## WHAT THE EXERCISE ASKS
In your copy, leave out the pictures; write out all the data exactly.

Text-to-region grounding data:

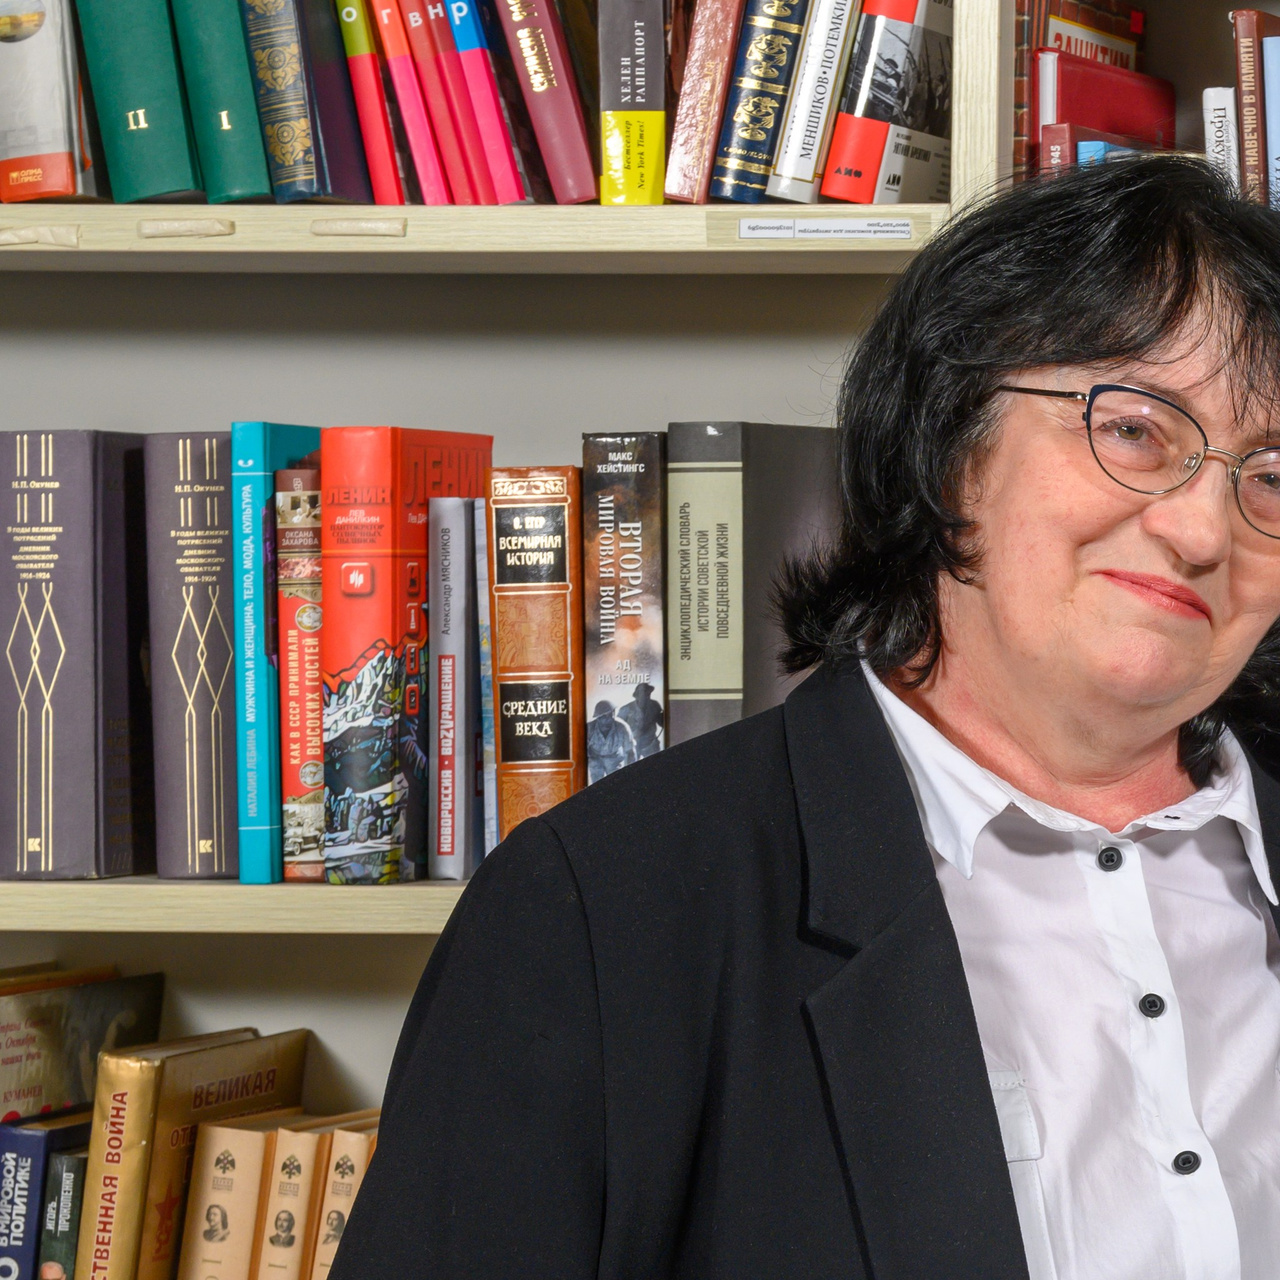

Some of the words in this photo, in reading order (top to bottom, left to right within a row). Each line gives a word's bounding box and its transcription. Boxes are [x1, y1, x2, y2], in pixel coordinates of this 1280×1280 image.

[621, 57, 631, 102] ХЕЛЕН
[634, 20, 646, 103] РАППАПОРТ
[1239, 37, 1254, 91] ПАМЯТИ
[126, 109, 148, 130] II
[1242, 93, 1256, 105] В
[1243, 106, 1259, 165] НАВЕЧНО
[638, 152, 646, 172] York
[638, 173, 646, 190] New
[597, 461, 645, 474] ХЕЙСТИНГС
[608, 451, 634, 461] МАКС
[326, 485, 391, 506] ЛЕНИН
[336, 516, 380, 524] ДАНИЛКИН
[598, 494, 615, 582] МИРОВАЯ
[680, 502, 690, 548] СЛОВАРЬ
[281, 538, 318, 546] ЗАХАРОВА
[441, 527, 452, 578] МЯСНИКОВ
[500, 534, 562, 550] ВСЕМИРНАЯ
[506, 552, 554, 566] ИСТОРИЯ
[696, 530, 710, 588] СОВЕТСКОЙ
[717, 522, 728, 562] ЖИЗНИ
[619, 520, 644, 618] ВТОРАЯ
[441, 580, 454, 635] Александр
[600, 585, 618, 646] ВОЙНА
[680, 550, 692, 661] ЭНЦИКЛОПЕДИЧЕСКИЙ
[697, 590, 710, 632] ИСТОРИИ
[716, 563, 730, 639] ПОВСЕДНЕВНОЙ
[288, 629, 300, 696] ПРИНИМАЛИ
[304, 638, 320, 687] ГОСТЕЙ
[598, 673, 612, 685] НА
[614, 672, 651, 685] ЗЕМЛЕ
[615, 660, 632, 671] АД
[289, 700, 300, 728] СССР
[306, 692, 320, 756] ВЫСОКИХ
[502, 699, 568, 718] СРЕДНИЕ
[514, 720, 553, 738] ВЕКА
[289, 742, 301, 765] КАК
[192, 1067, 278, 1111] ВЕЛИКАЯ
[105, 1090, 129, 1166] ВОЙНА
[10, 1157, 32, 1247] ПОЛИТИКЕ
[46, 1200, 57, 1232] ИГОРЬ
[59, 1171, 75, 1232] ПРОКОПЕНКО
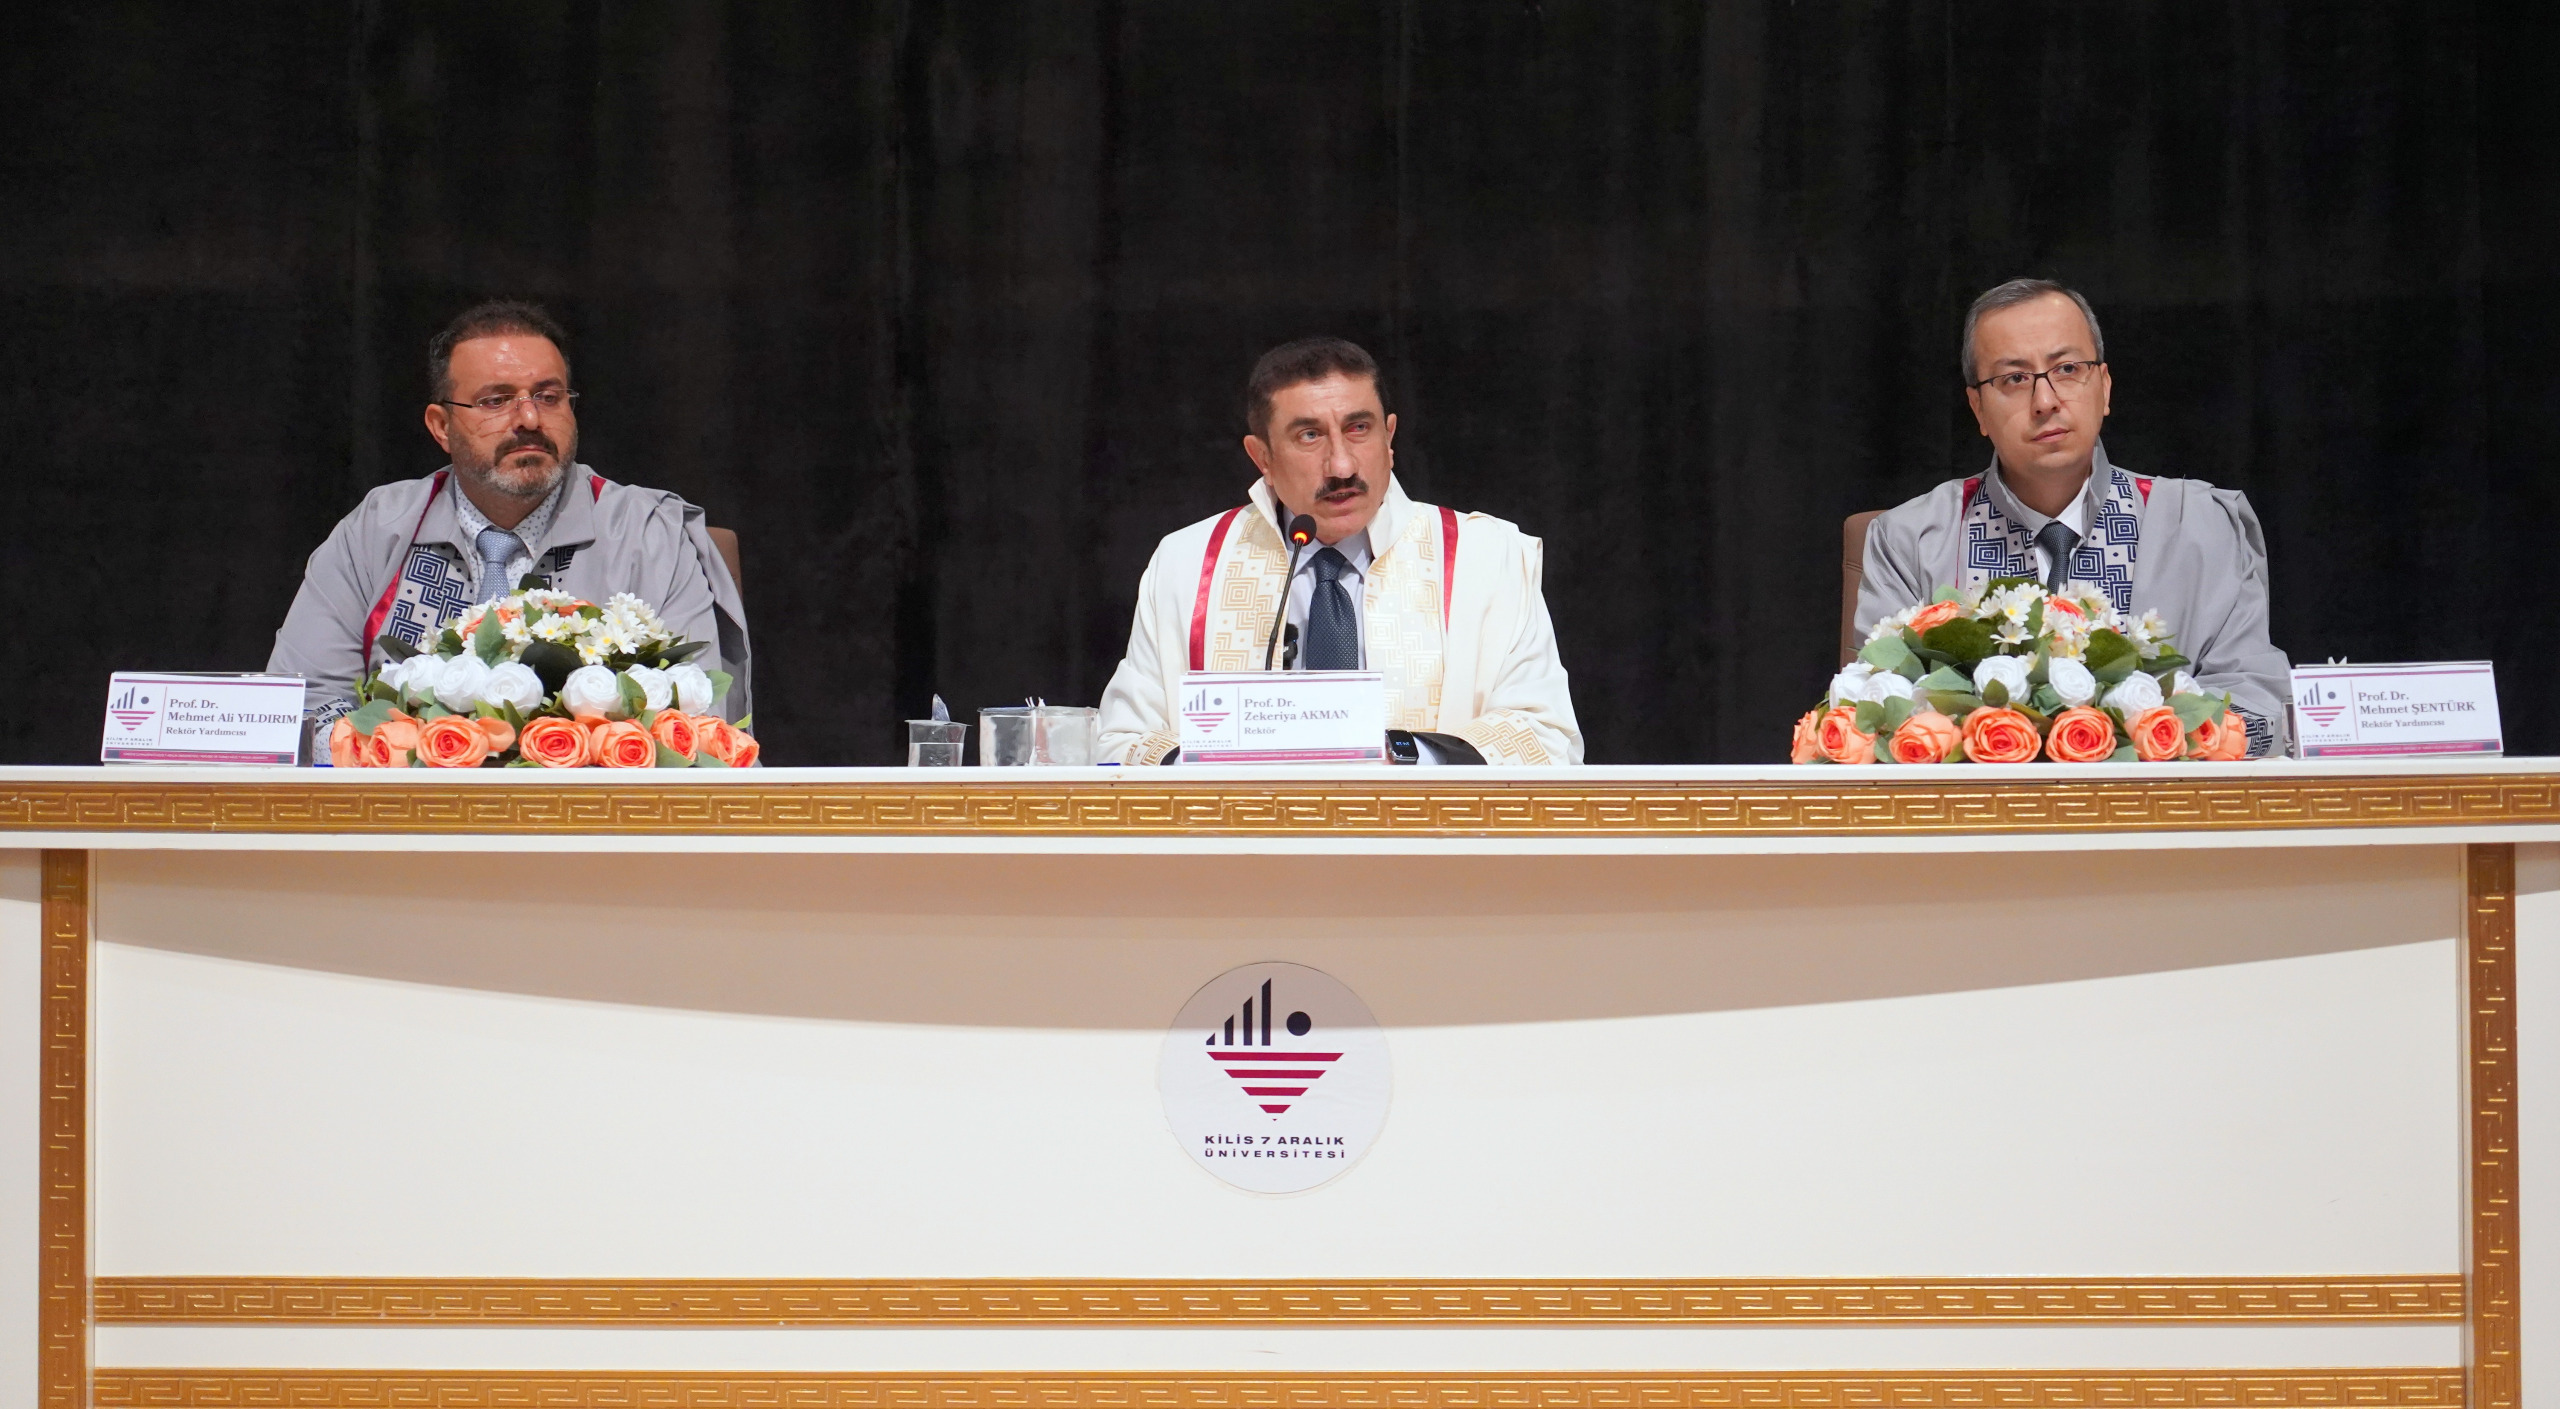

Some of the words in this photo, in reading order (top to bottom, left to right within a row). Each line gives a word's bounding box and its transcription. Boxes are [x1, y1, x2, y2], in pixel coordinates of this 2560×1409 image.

## WRITTEN RESPONSE
Some of the words in this photo, in reading order (top to bottom, left to right within a row). Each line gives a word's bounding box and its transcription. Boxes are [x1, y1, x2, y2], in pixel coordinates of this 1280×1280 image.

[621, 57, 631, 102] ХЕЛЕН
[634, 20, 646, 103] РАППАПОРТ
[1239, 37, 1254, 91] ПАМЯТИ
[126, 109, 148, 130] II
[1242, 93, 1256, 105] В
[1243, 106, 1259, 165] НАВЕЧНО
[638, 152, 646, 172] York
[638, 173, 646, 190] New
[597, 461, 645, 474] ХЕЙСТИНГС
[608, 451, 634, 461] МАКС
[326, 485, 391, 506] ЛЕНИН
[336, 516, 380, 524] ДАНИЛКИН
[598, 494, 615, 582] МИРОВАЯ
[680, 502, 690, 548] СЛОВАРЬ
[281, 538, 318, 546] ЗАХАРОВА
[441, 527, 452, 578] МЯСНИКОВ
[500, 534, 562, 550] ВСЕМИРНАЯ
[506, 552, 554, 566] ИСТОРИЯ
[696, 530, 710, 588] СОВЕТСКОЙ
[717, 522, 728, 562] ЖИЗНИ
[619, 520, 644, 618] ВТОРАЯ
[441, 580, 454, 635] Александр
[600, 585, 618, 646] ВОЙНА
[680, 550, 692, 661] ЭНЦИКЛОПЕДИЧЕСКИЙ
[697, 590, 710, 632] ИСТОРИИ
[716, 563, 730, 639] ПОВСЕДНЕВНОЙ
[288, 629, 300, 696] ПРИНИМАЛИ
[304, 638, 320, 687] ГОСТЕЙ
[598, 673, 612, 685] НА
[614, 672, 651, 685] ЗЕМЛЕ
[615, 660, 632, 671] АД
[289, 700, 300, 728] СССР
[306, 692, 320, 756] ВЫСОКИХ
[502, 699, 568, 718] СРЕДНИЕ
[514, 720, 553, 738] ВЕКА
[289, 742, 301, 765] КАК
[192, 1067, 278, 1111] ВЕЛИКАЯ
[105, 1090, 129, 1166] ВОЙНА
[10, 1157, 32, 1247] ПОЛИТИКЕ
[46, 1200, 57, 1232] ИГОРЬ
[59, 1171, 75, 1232] ПРОКОПЕНКО

Some of the words in this photo, in reading order (top to bottom, left to right within a row). Each line gives a word's bounding box and its transcription. Boxes are [x1, y1, x2, y2], in pixel coordinates of this 2560×1409 image.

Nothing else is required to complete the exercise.